Lessons in digital economy

A note on digital platforms

The peer-to-peer platforms match supply and demand, allowing cutting all middlemen between supply peers and the demand peers. They do not buy goods and push them alongside the final customers’ value chain. They are only a kind of matchmaker.

The sky seems to limit possible kinds of matches. By far, it is not only about selling goods.

Displacement and augmentation. The new division of labour in the digital world

Somebody estimated that 60% of the five-year-olds of today would work in professions that do not exist yet. Learning a profession today, we no longer have a guarantee that it will survive during our whole work-life. The digital world that develops exponentially makes the job market change at a quick pace. It is clear today that the work division of today and the future is between humans, algorithms, and robots. 

The constant changes in AI learning and robotics are that quick that we should not expect any fixed equilibrium for this division at any time soon. The equilibrium will simply continuously shift, forcing people to continually retrain and upskill throughout their lives.

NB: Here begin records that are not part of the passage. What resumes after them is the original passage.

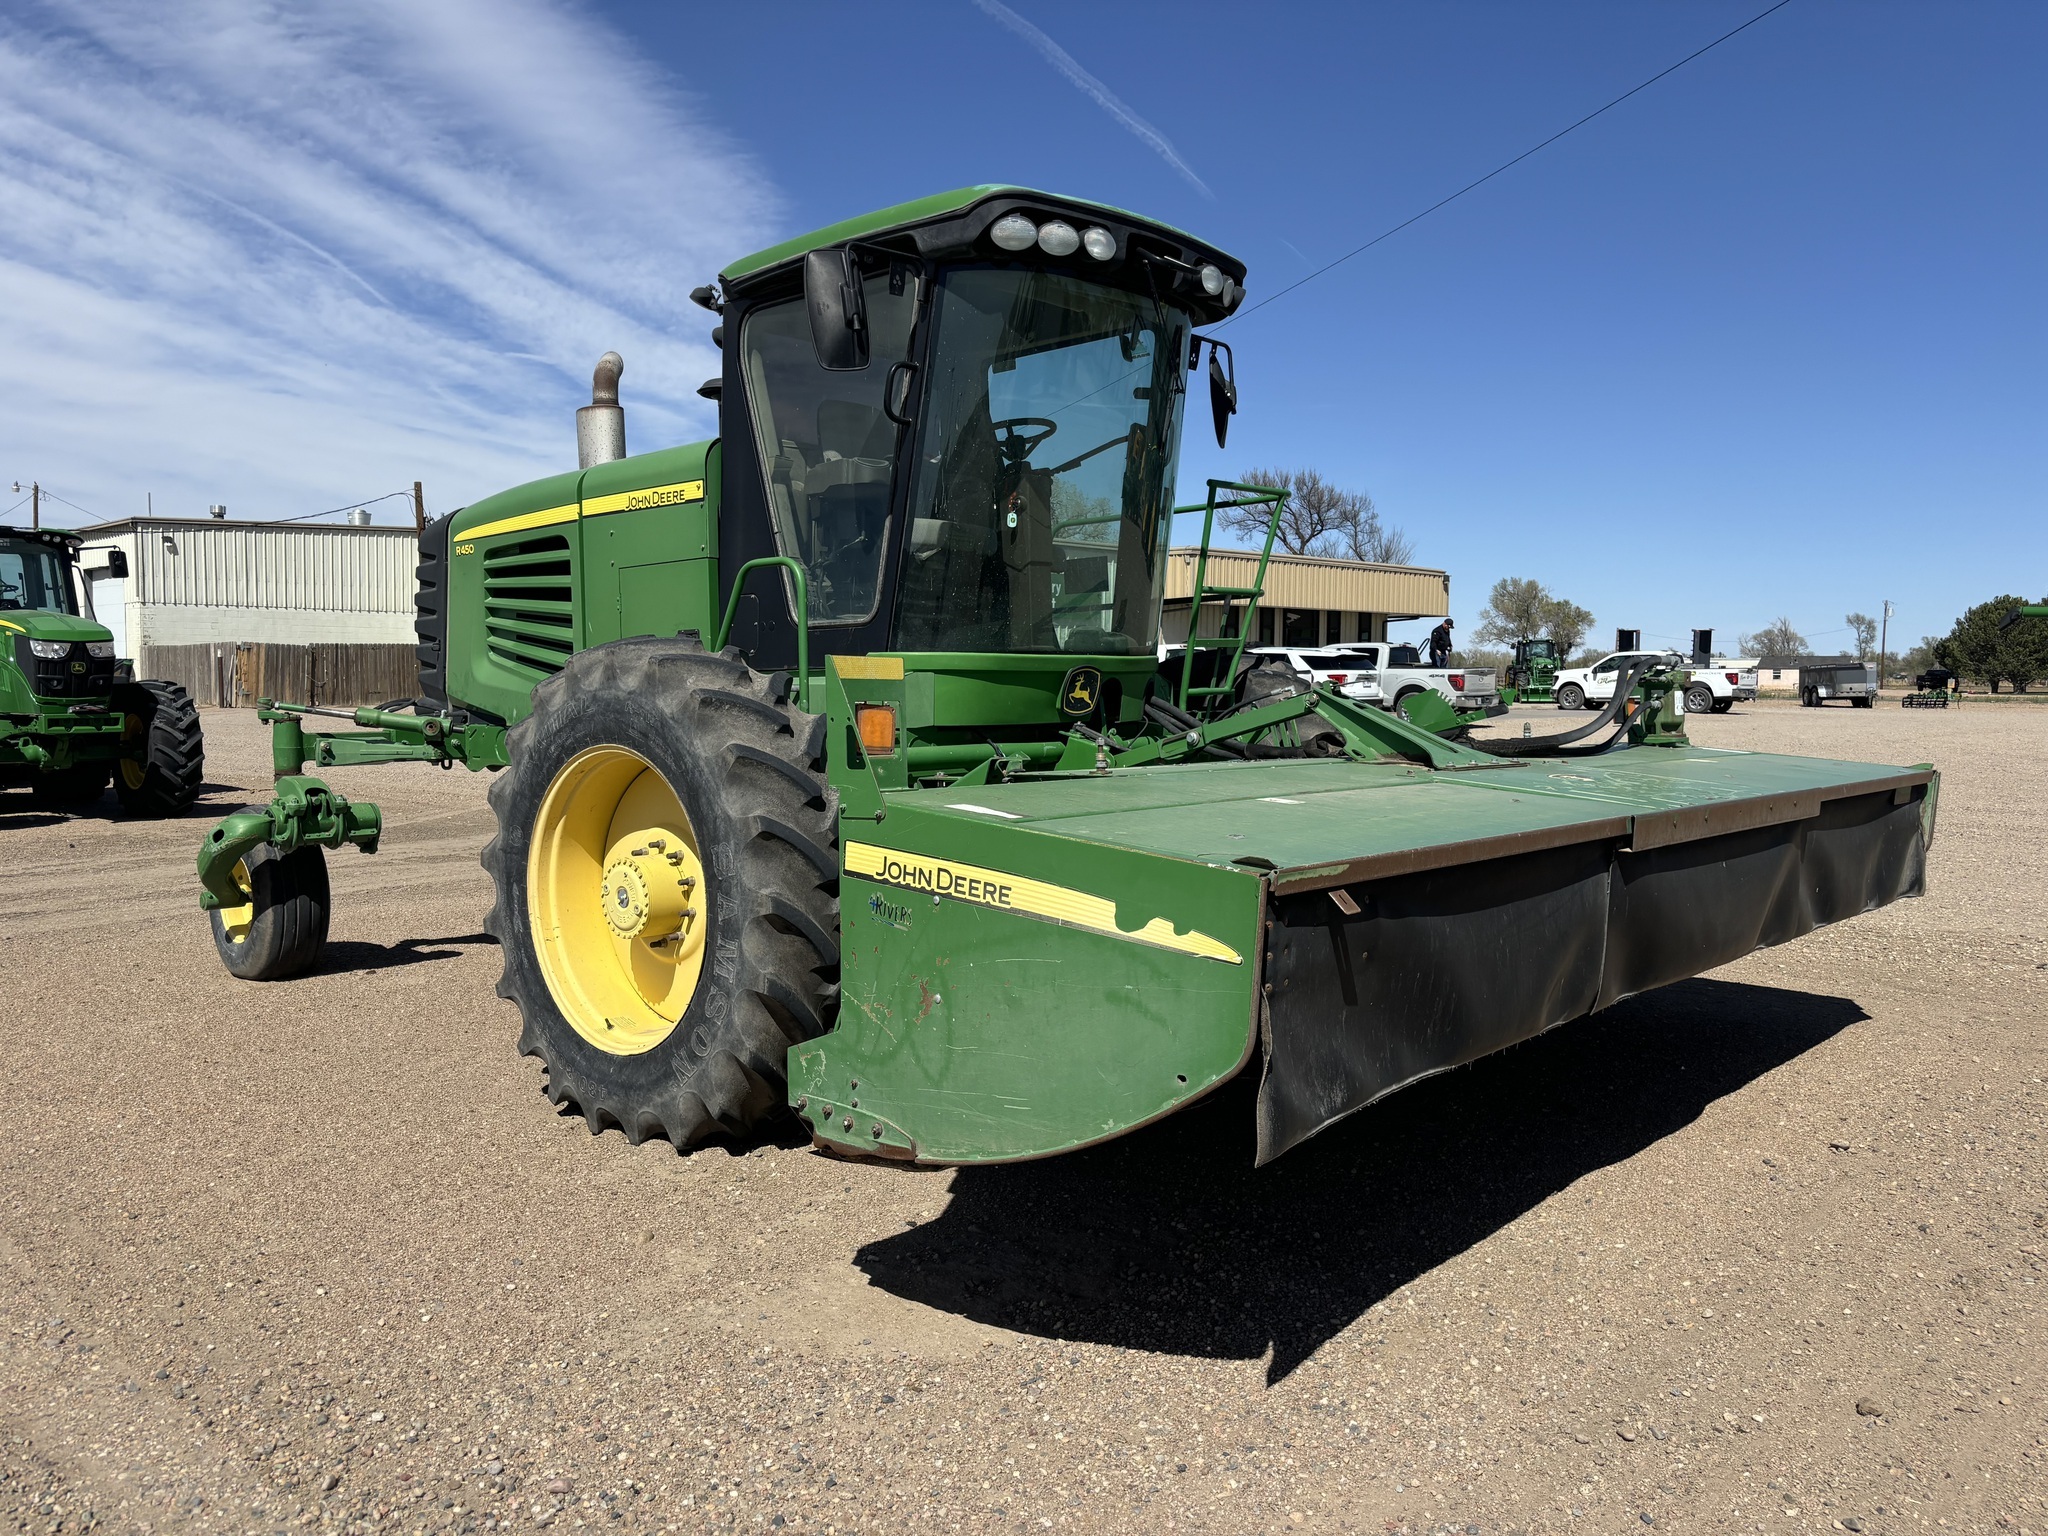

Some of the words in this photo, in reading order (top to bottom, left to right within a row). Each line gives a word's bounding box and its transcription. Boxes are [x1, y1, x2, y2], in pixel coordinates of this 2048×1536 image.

[625, 494, 650, 510] JOHN
[652, 489, 685, 503] DEERE
[456, 544, 474, 556] R450
[875, 856, 932, 888] JOHN
[936, 867, 1012, 905] DEERE
[671, 842, 740, 1088] SAMSON

The sin of prolonged life-cycle strategies

I can still remember. Thirty years ago, my physics teacher in secondary school talked about that. The patents were already there. Yes, the patents. Invented, but put into a closet for years, prohibiting others from using the technology unless they have their own and not overlapping. In fact, in the US, the first cars were mostly electric ones. They were already there. But the petrol companies and a famous car manufacturer made the government facilitate exchanging them en mass into petrol-driven ones.

Yes, the western economic system for years allowed for patenting technologies. If this was to preserve the right to make justified gains on past investment into research and development, it was all right. But for years now, many companies misused the rights to the technology they had patented as a means to stop others from further developing those technologies. You had to create an alternative to be rightfully allowed for technological advancement.

Artificial intelligence, knowledge, wisdom, and emotions. Part One

You just got an e-mail. The news is bad. You are worried. The little thing that accompanies you around your apartment sprints quickly to your kitchen. On coming back, it serves you hot dark chocolate, only some milk. The little thing got it right. The hot chocolate will make you feel better. The cute little thing …

What did I say? Cute? Yes, it was cute that somebody took care …

Leaving for a moment the sensorimotor issues in robot R&D, the scene is not that impossible at all. But ‘cute’ and ‘taking care’ is an elegant description, barely reflecting that what really happened. We just crossed a thin line between computation and psychology.

Artificial intelligence, knowledge, wisdom, and emotions. Part Two

Artificial intelligence is smart, that smart that in some fields it already outperforms humans. But it is still and for a long time will be only algorithms keeping within rules of the game. Emotions can be recognized and expressed without empathy, based on just recognition, and tapping the psychological library on how to appropriately respond. The same is with acting as a wise one. The Oracle in Matrix was the best example. Acting as a wise one was based on the same principle as pretending emotional responses. If a question was too demanding, the answer was left wide open to interpretation. Typical responses taught to cope with questions we do not want to answer straightforward. Teachable. Apprehendable.

Talking the machines displacing or augmenting human performance, we need to ask ourselves where we are today and where we would be in the foreseeable future on the pathway between narrow and general artificial intelligence and cognitive and humanized intelligence. Must a machine be fully humanized to be a competitive species ready to take over? Would another set of features with a focus on cognition and ability to interact with humans on the intellectual and emotional level not be enough? 

Sharing en masse …

Although research on artificial intelligence has been conducted for many decades, it has only been a few years that we can talk about the use of artificial intelligence in day to day life. The turning point was the year 2006.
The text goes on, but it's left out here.